Je n’avais pas pris les bonnes routes. Je n’avais pas fait les bons choix, n’avais pas croisé les bonnes personnes. Je ne savais pas où était le problème. J’en étais arrivé à penser que ce pouvait très bien être moi.

Quand je me trainais dans mon studio, à tourner en rond comme un chien dans sa niche, j’avais tout le temps de réfléchir à tout ça. Au parcours et au destin de chacun.

Le soir, je m’enroulais dans ma robe de chambre, je dépliais mon clic-clac et je m’abrutissais devant la télé. Je m’endormais au milieu de la nuit, les yeux encore rougis de larmes. Le matin, j’étais épuisé. J’adorais lire mais, sur le trajet, souvent, je ne tenais pas. Mon livre entre les mains me regardait dormir sans qu’aucune page ne se tourne.

J’habitais dans la lointaine banlieue parisienne, à la limite de la campagne. Pas trop de béton, pas trop de cités. De l’air à respirer. Et surtout un appartement dans mes prix. Il me fallait 1h30 pour rejoindre mon bureau. C’était très long mais je vivais ce trajet dans un état second. Parfois j’observais mes compagnons de route. Je me demandais alors quelle était leur vie et si, comme moi, ils avaient envie de tout foutre en l’air.

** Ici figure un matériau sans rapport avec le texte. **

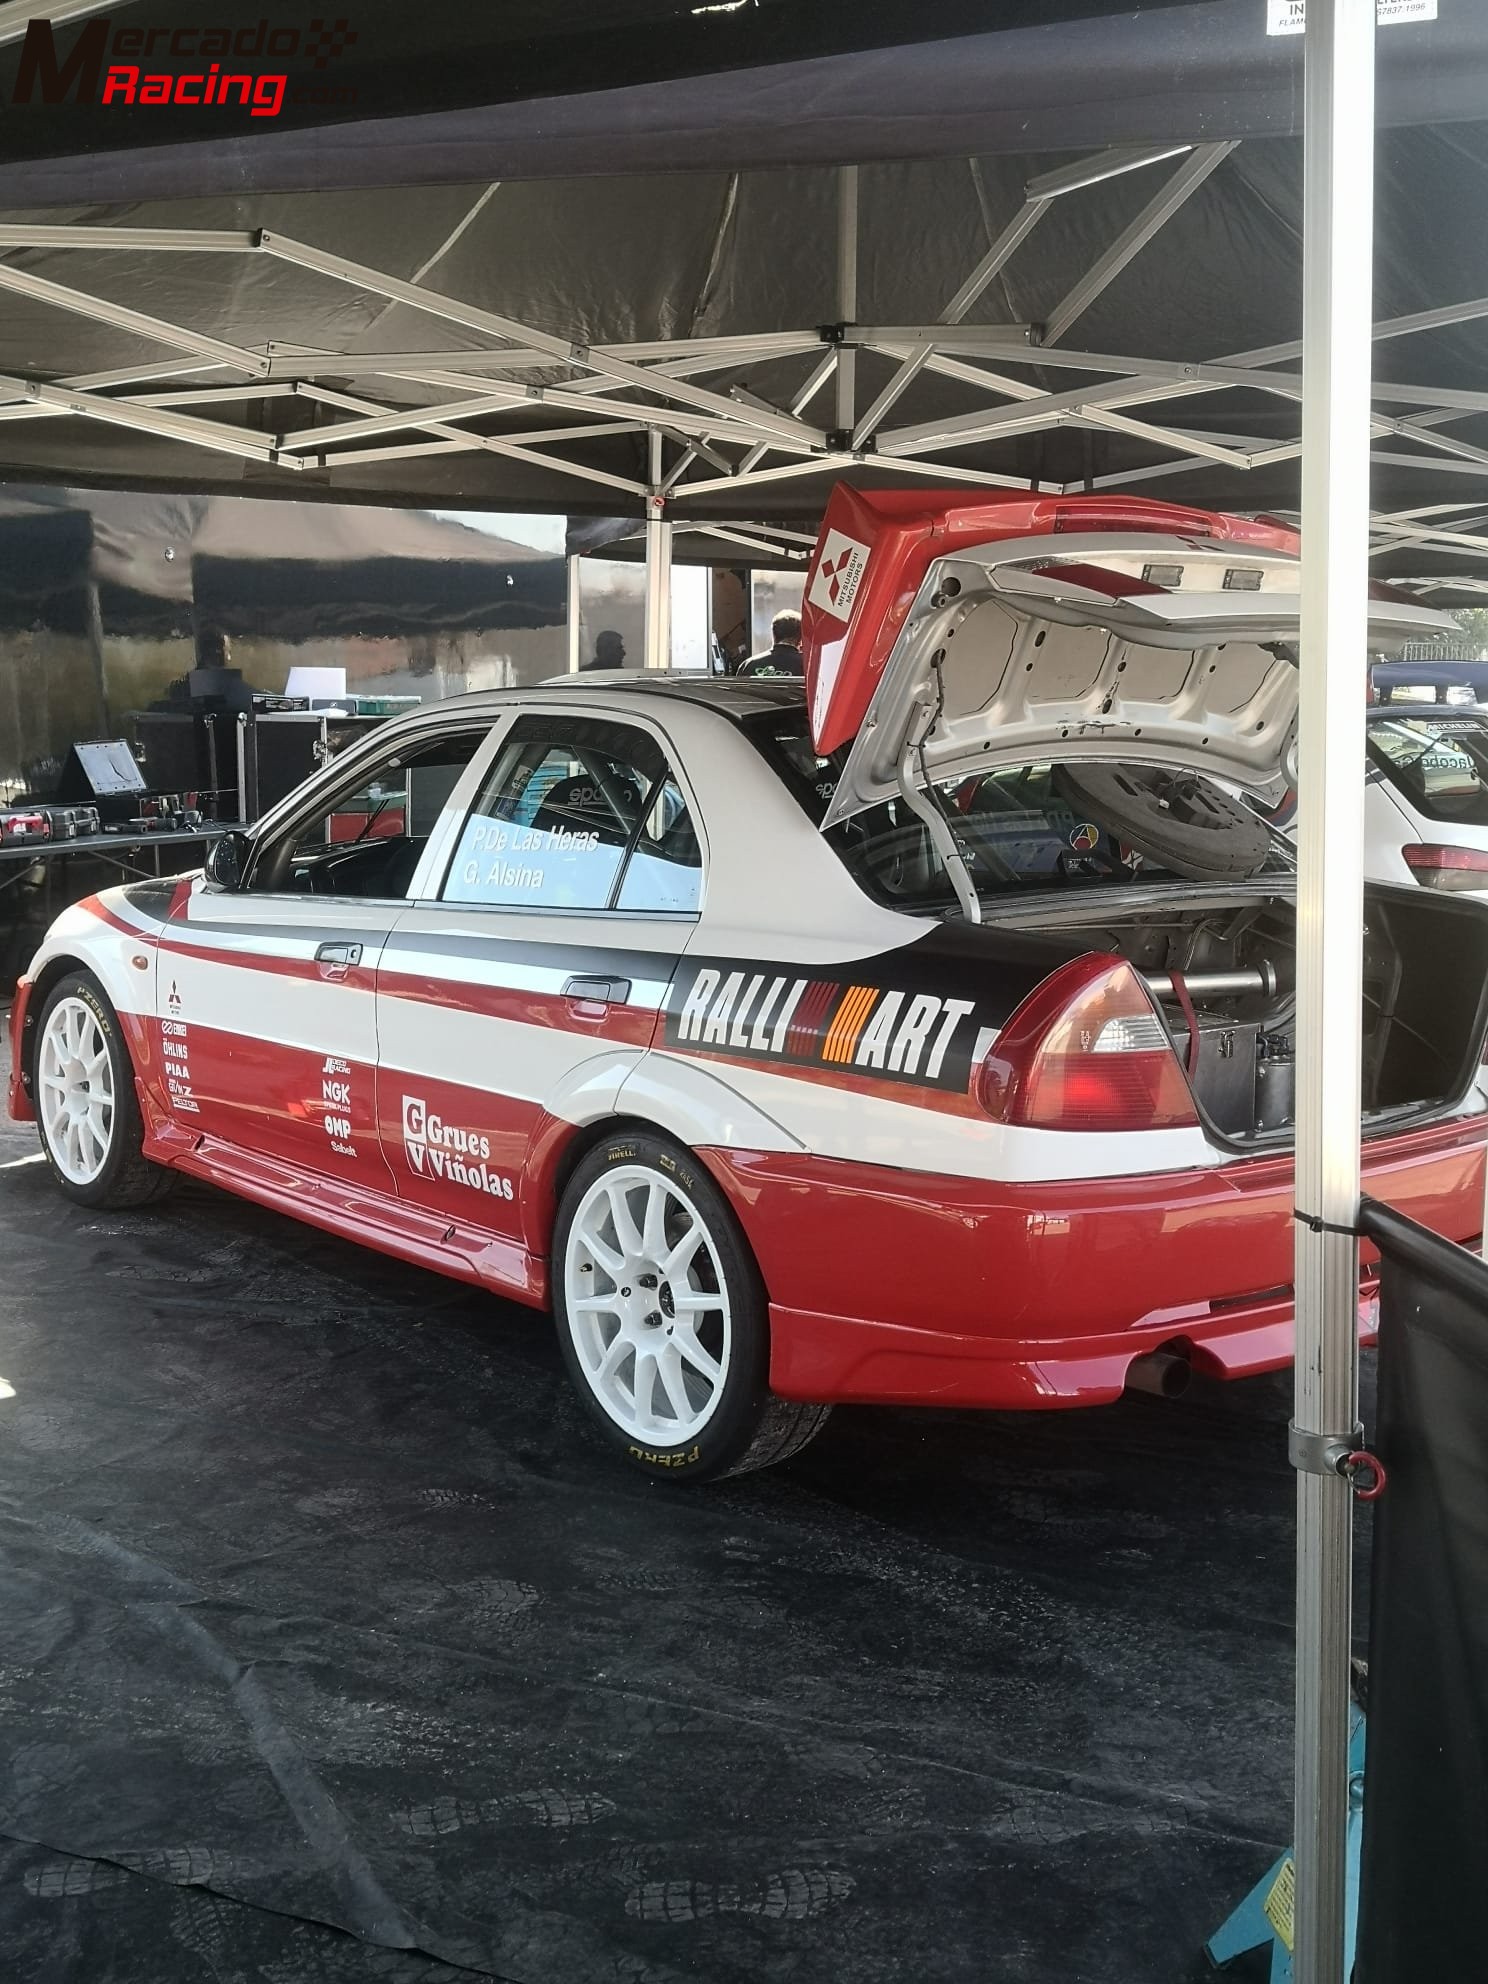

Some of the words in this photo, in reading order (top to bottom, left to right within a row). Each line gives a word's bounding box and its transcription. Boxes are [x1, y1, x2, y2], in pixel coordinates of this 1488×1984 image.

[838, 552, 859, 607] MITSUBISHI
[846, 563, 863, 604] MOTORS
[512, 829, 543, 851] Las
[546, 825, 600, 852] Heras
[463, 863, 481, 884] G.
[486, 862, 544, 888] Alsina
[164, 1061, 190, 1080] PIAA
[322, 1079, 351, 1105] NGK
[324, 1114, 352, 1140] OMP
[427, 1115, 490, 1159] Grues
[330, 1141, 358, 1158] Sabelt
[608, 1146, 637, 1161] PIRELL
[428, 1148, 514, 1201] Viñolas
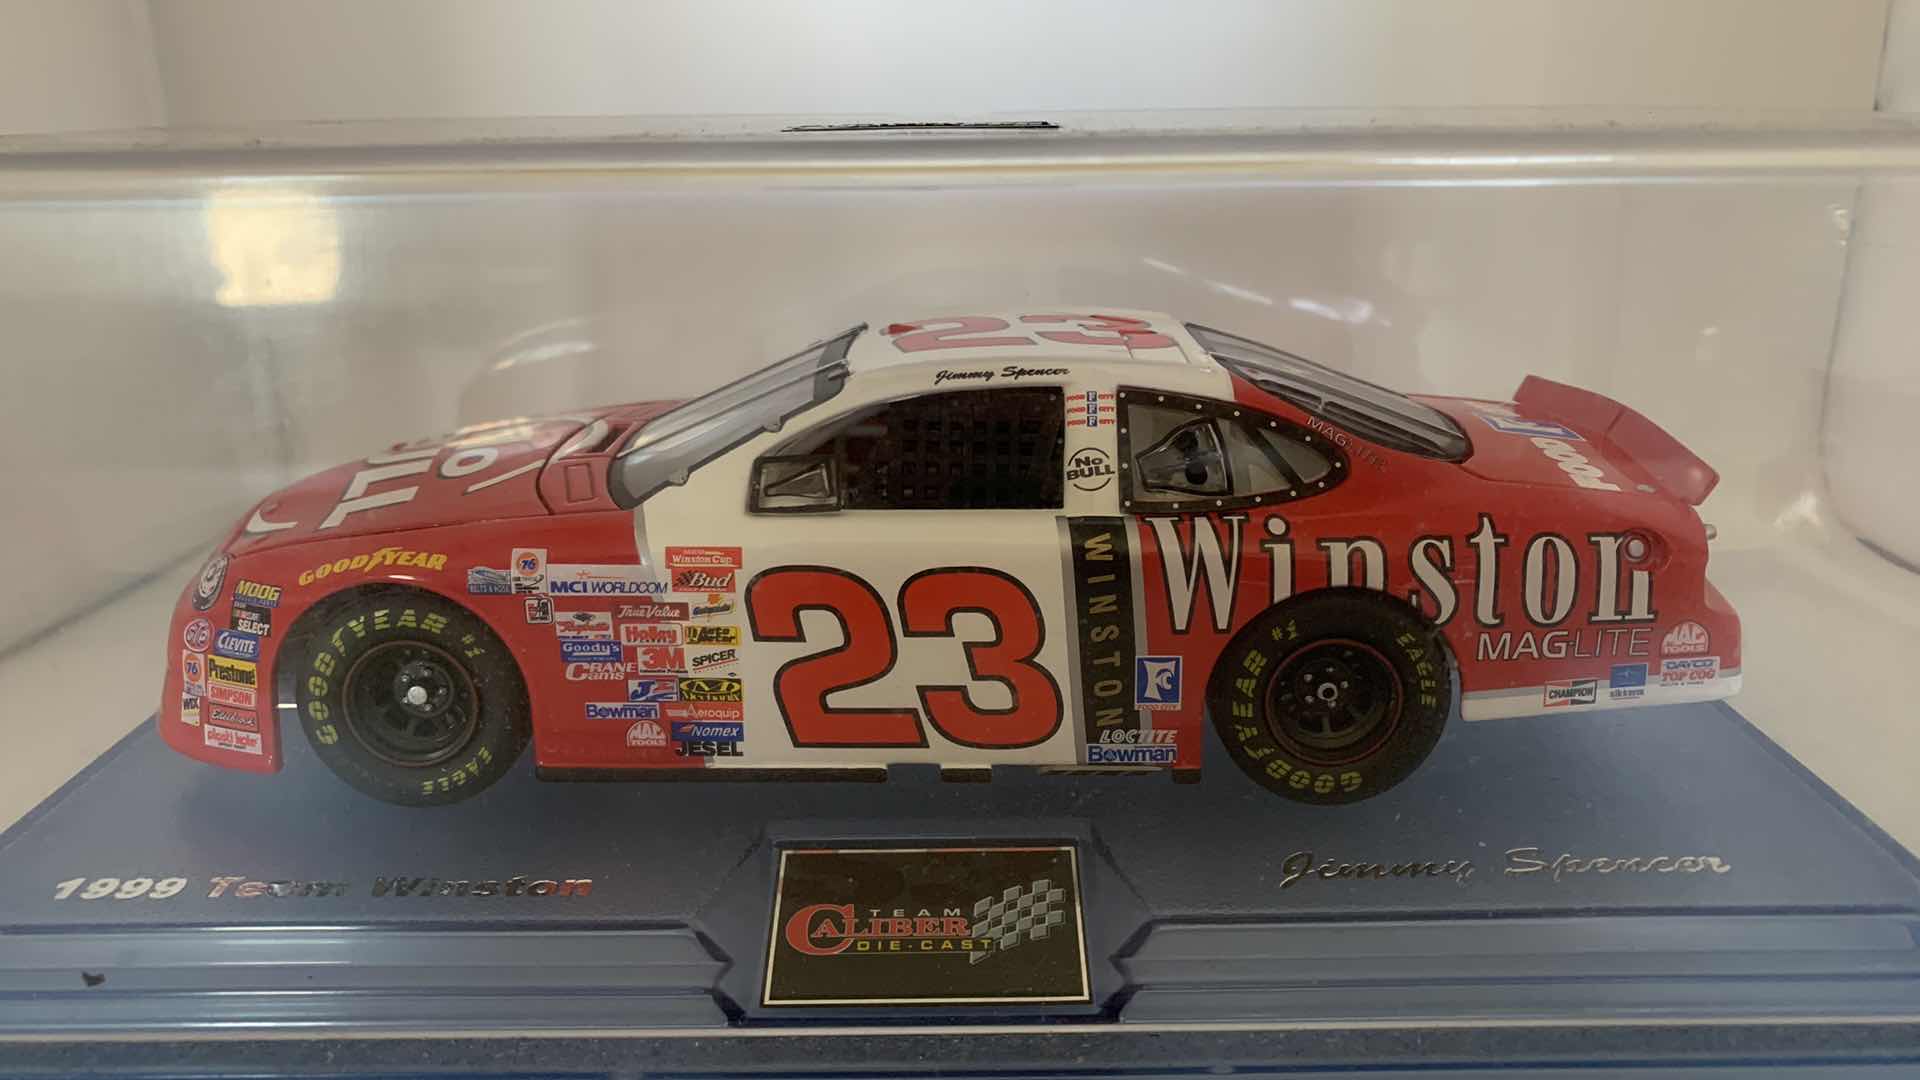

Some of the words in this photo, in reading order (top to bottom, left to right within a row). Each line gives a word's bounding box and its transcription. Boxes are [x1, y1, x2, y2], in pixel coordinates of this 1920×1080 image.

[879, 313, 1180, 353] 23
[934, 369, 995, 386] Jimmy
[1000, 365, 1072, 381] Spencer
[1074, 456, 1103, 468] No
[1066, 465, 1116, 480] BULL
[298, 547, 448, 586] GOODYEAR
[520, 558, 537, 571] 76
[672, 554, 711, 564] Winston
[688, 571, 735, 588] Bud
[1144, 511, 1658, 635] Winston
[235, 580, 282, 601] MOOG
[550, 581, 587, 593] MCI
[590, 581, 668, 594] WORLDCOM
[646, 604, 681, 618] Value
[237, 619, 270, 636] SELECT
[1084, 532, 1124, 727] WINSTON
[218, 631, 257, 654] CLEVITE
[562, 642, 620, 656] Goody's
[642, 646, 685, 670] 3M
[692, 648, 737, 668] SPICER
[743, 564, 1064, 751] 23
[186, 662, 199, 675] 76
[208, 657, 256, 686] Prestone
[308, 608, 449, 745] GOODYEAR
[1662, 671, 1689, 682] TOP
[210, 686, 253, 705] SIMPSON
[1548, 687, 1594, 700] CHAMPION
[586, 703, 658, 719] Bowman
[686, 703, 740, 719] Aeroquip
[691, 726, 740, 738] Nomex
[1100, 729, 1178, 744] LOCTITE
[673, 741, 744, 756] JESEL
[1087, 745, 1178, 761] Bowman
[421, 746, 494, 796] EAGLE
[1279, 851, 1478, 889] Jimmy
[1504, 847, 1731, 883] Spencer
[53, 876, 188, 900] 1999
[206, 875, 354, 899] Team
[368, 875, 594, 899] Winston
[870, 908, 961, 917] TEAM
[785, 903, 972, 956] CALIBER
[856, 938, 994, 951] DIE-CAST

Depuis trois mois, je vivais seul. J’avais quitté mon appartement, ma femme, Isa, et mes deux enfants, Gabriel et Thomas. Pas du jour au lendemain. Plutôt après une longue réflexion. Plusieurs années à vrai dire. Ma femme ne m’aimait plus depuis longtemps déjà. Je m’étais accroché à un mince espoir. Pour les liens sacrés du mariage. Pour les enfants surtout. Je ne m’étais pas du tout imaginé les laisser, ne plus les voir et vivre loin d’eux. J’avais tenu alors qu’Isa et moi étions les plus distants possibles dans le lit, alors que nous ne faisions plus l’amour, alors que, plus tard, je dormais dans le canapé du salon, alors que je savais qu’elle avait un amant… J’avais tenu pour continuer à embrasser mes garçons, les emmener à l’école, leur lire une histoire avant de les coucher. J’avais tenu jusqu’à perdre toute envie de vivre pour moi, jusqu’à ne plus manger, jusqu’à tellement souffrir d’être devenu un moins que rien que je m’imaginais tomber sur les rails à l’arrivée du train, que j’espérais parfois un accident de voiture qui me tuerait sur le coup. Pour ma santé, pour que mes enfants aient toujours un père, il avait fallu partir.

La mort dans l’âme, j’avais alors informé mon ex-femme qui, elle, n’attendait que cela. J’avais trouvé un appartement à 40 kilomètres. Puis quelques semaines plus tard, j’avais rassemblé mes affaires, rempli la voiture et expliqué aux garçons pourquoi je partais. Ils n’avaient pas vraiment compris de qui cette situation était la faute mais c’était moi qu’ils voyaient partir et pas leur mère. À leur âge, il n’en fallait pas plus, croyais-je pour me juger coupable.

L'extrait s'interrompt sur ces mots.